David A. Grant’s (BS ’85) fascination with cars began at age 2, when his father took him to a store and he saw a box covered with pictures of a car. Not realizing it was a model to be built, Grant begged his father for it. When he opened the box, he expected a car ready to play with, but what he got was a multitude of parts ready for assembly. “I was not ready for that,” says Grant, who nevertheless soon became an avid modeler.
At 14 he took a big step up from models and purchased for $50 a 1930 Ford Tudor sedan that was missing several components. When he learned that a front fender was available, Grant had his dad drive him to Winfield’s Special Projects in North Hollywood, Calif., to pick it up.
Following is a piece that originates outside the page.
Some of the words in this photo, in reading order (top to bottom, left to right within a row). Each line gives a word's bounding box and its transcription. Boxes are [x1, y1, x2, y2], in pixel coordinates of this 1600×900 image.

There he met the owner, Gene Winfield, who built custom vehicles for movies such as Woody Allen’s Sleeper and the Star Trek TV series. Impressed, Grant expressed a desire to work for Winfield.
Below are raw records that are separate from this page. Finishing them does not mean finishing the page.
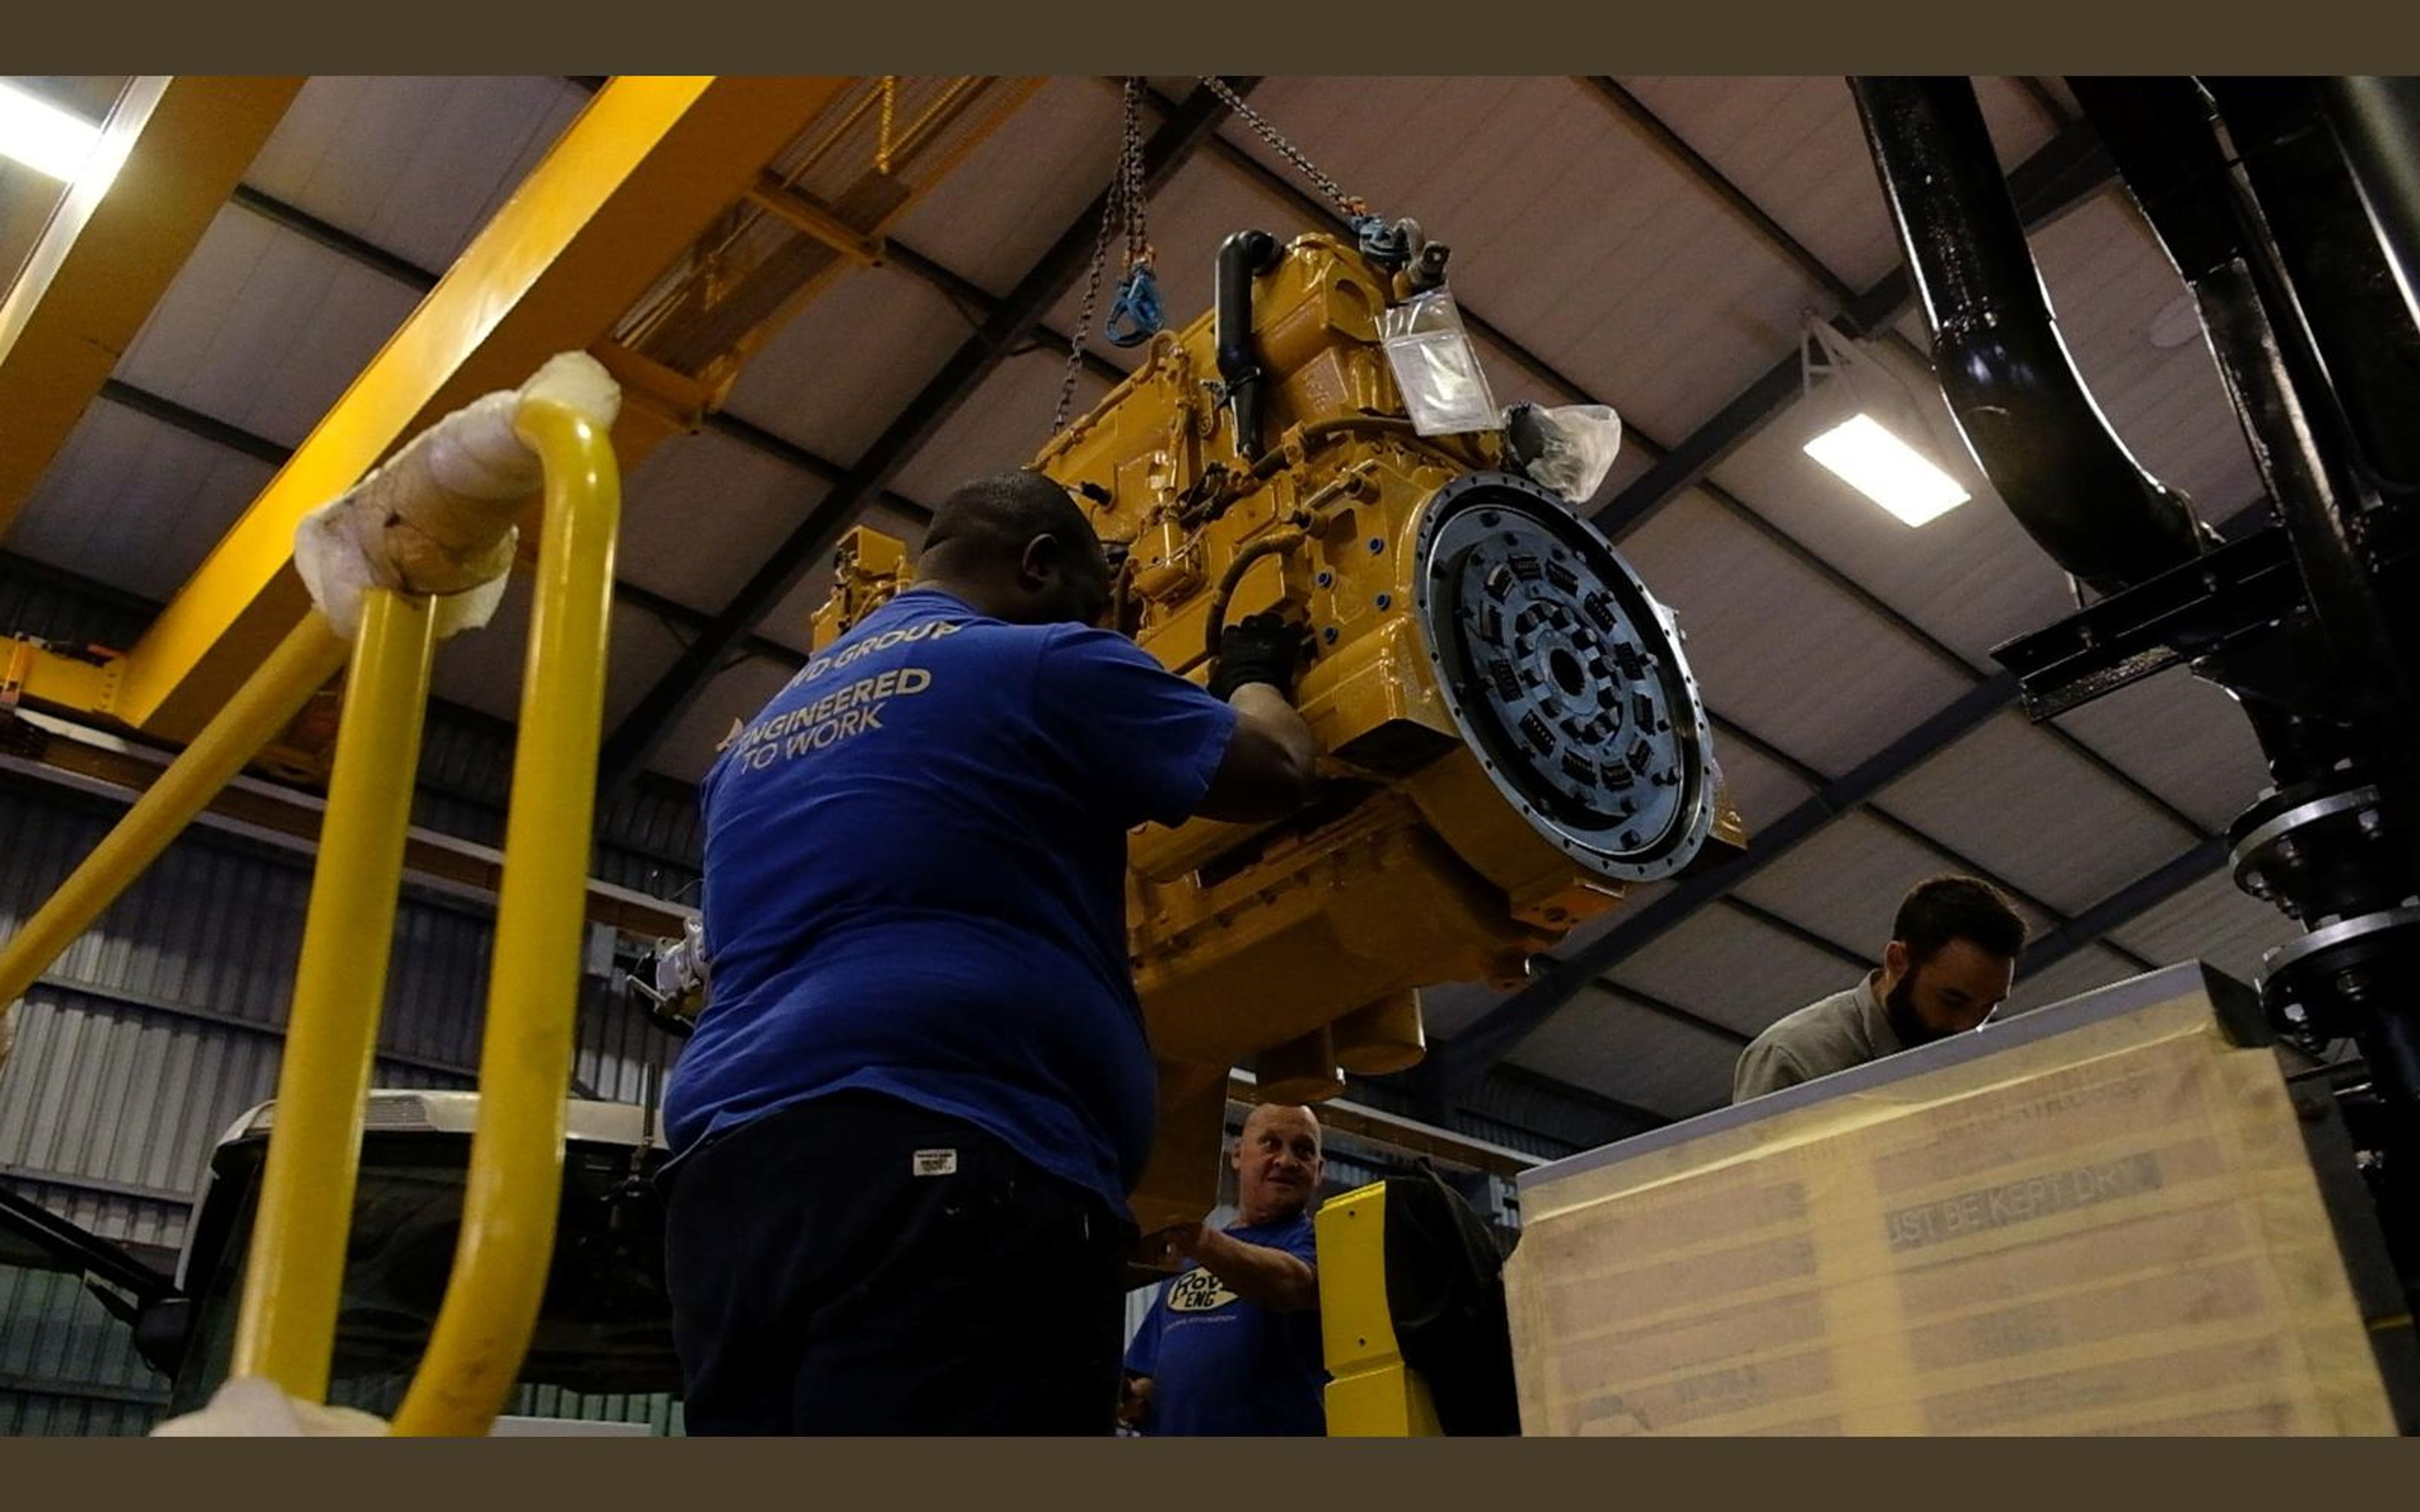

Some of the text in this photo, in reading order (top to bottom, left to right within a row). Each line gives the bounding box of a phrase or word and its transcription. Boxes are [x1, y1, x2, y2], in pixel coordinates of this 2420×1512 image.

[834, 620, 963, 668] GROUP
[739, 668, 931, 750] ENGINEERED
[740, 702, 886, 775] TO WORK
[1943, 1195, 1980, 1231] BE
[1988, 1172, 2062, 1225] KEPT
[1185, 1291, 1216, 1307] ENG
That opportunity came when Winfield moved to Chatsworth, Calif., to work for Traditional Coach Works, a shop that customized new vehicles into station wagons and pickup trucks. “I learned the art of automobile customizating from someone who was a legend,” Grant says. “His advice to me as a teenager was ‘Know how to work.’” The two later built a car for the film The Last Starfighter.
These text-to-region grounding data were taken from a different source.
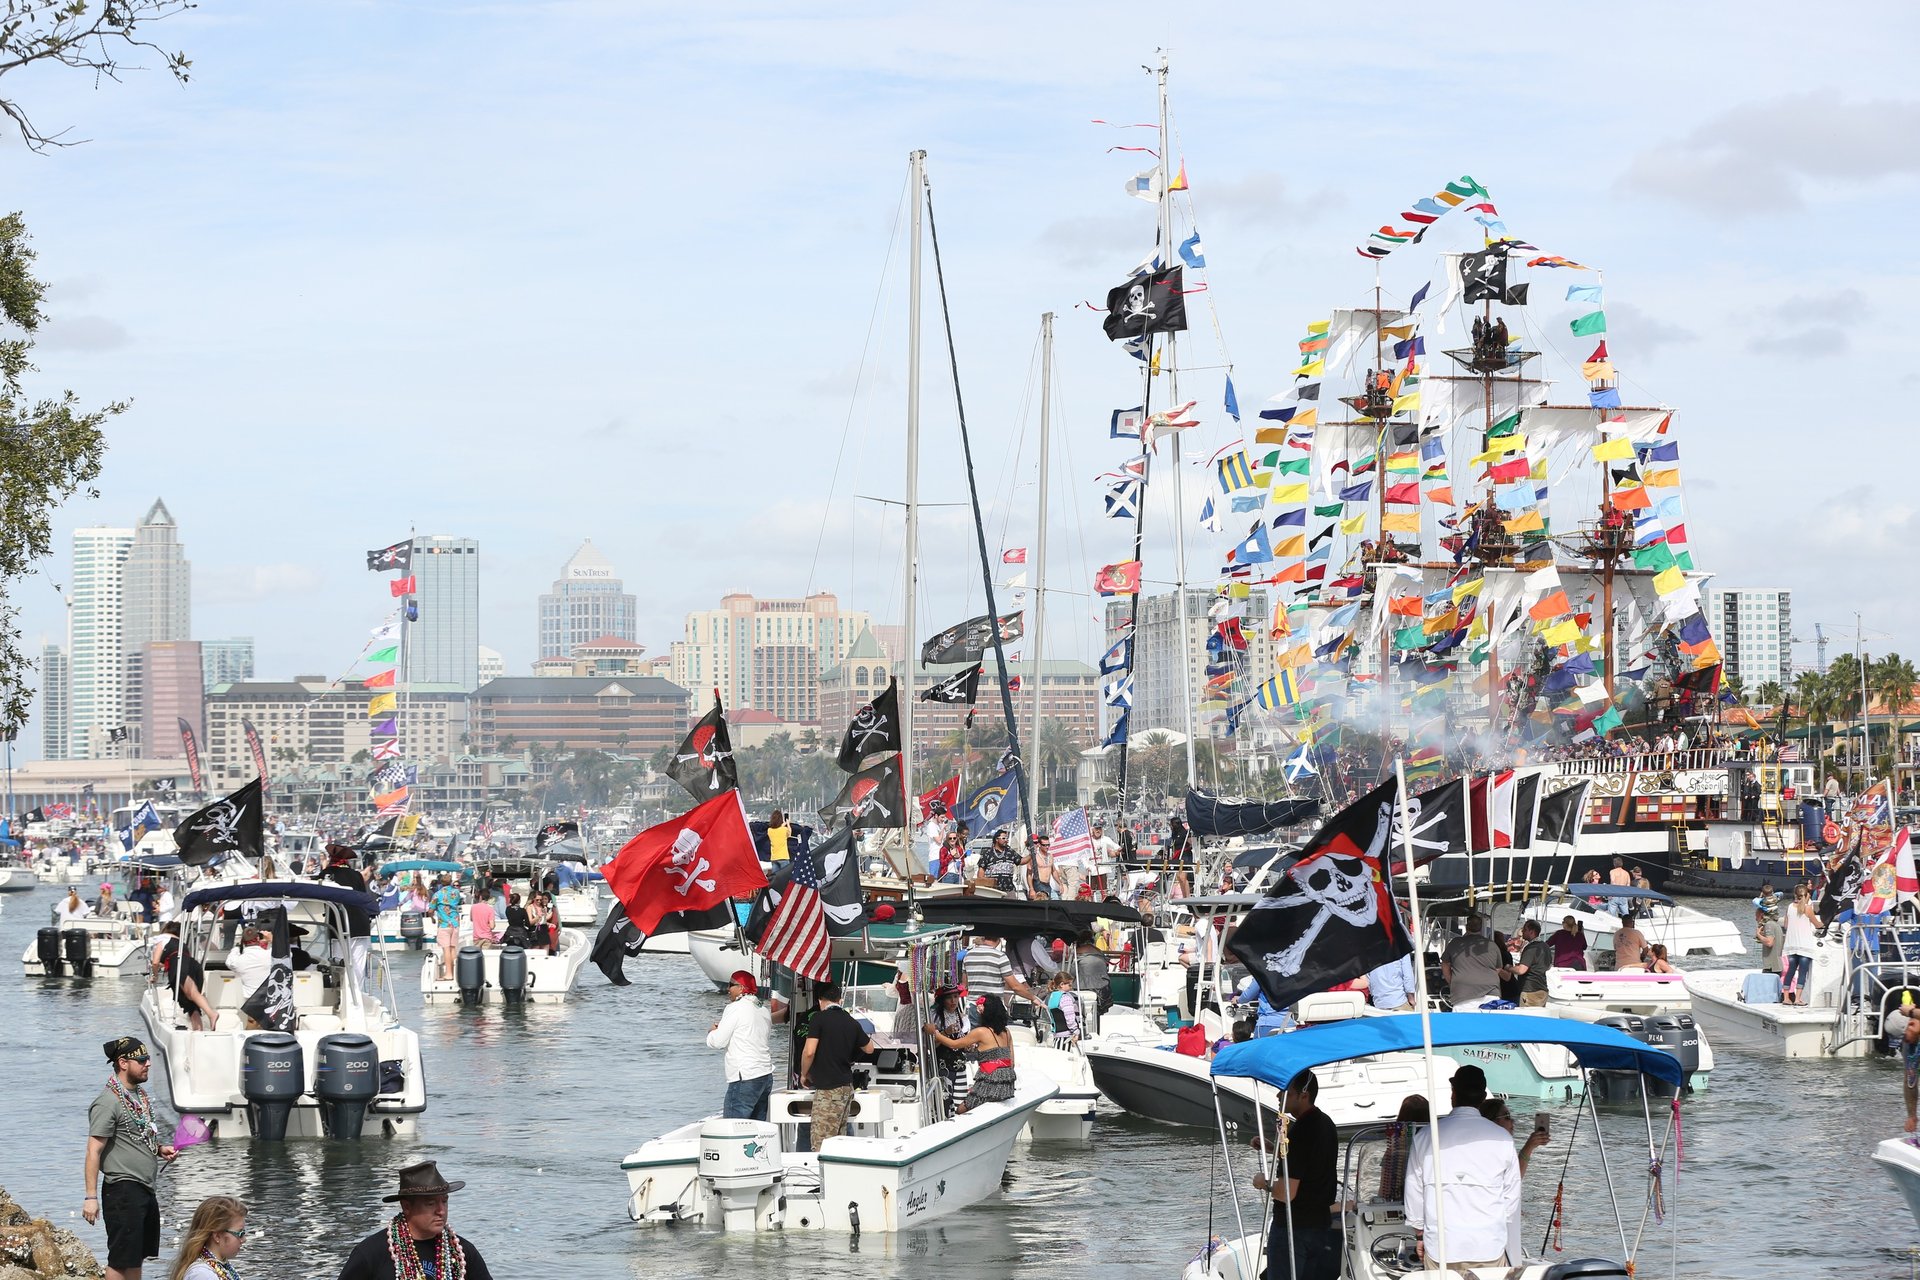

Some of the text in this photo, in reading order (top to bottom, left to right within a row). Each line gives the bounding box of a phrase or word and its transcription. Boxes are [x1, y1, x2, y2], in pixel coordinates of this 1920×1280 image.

[1682, 1039, 1698, 1047] 200
[1463, 1048, 1511, 1061] SAILFISH
[267, 1061, 292, 1069] 200
[346, 1061, 369, 1069] 200
[703, 1152, 720, 1161] 150
Years later, Grant decided to write a book about his mentor. The result, The Legendary Custom Cars and Hot Rods of Gene Winfield, took more than a decade of work before it was published this year. All the while, Grant has been busy applying skills he learned from Winfield in his own car-restoration business.
Among other projects, Grant has restored a 1969 Iso Grifo, an Italian sports car. Only 10 were manufactured, and the car is worth more than $1 million. “To do the job right takes patience, time, and a lot of money,” he says.
Meanwhile, there is still a car in his shop waiting to be finished—his old 1930 Ford Tudor sedan.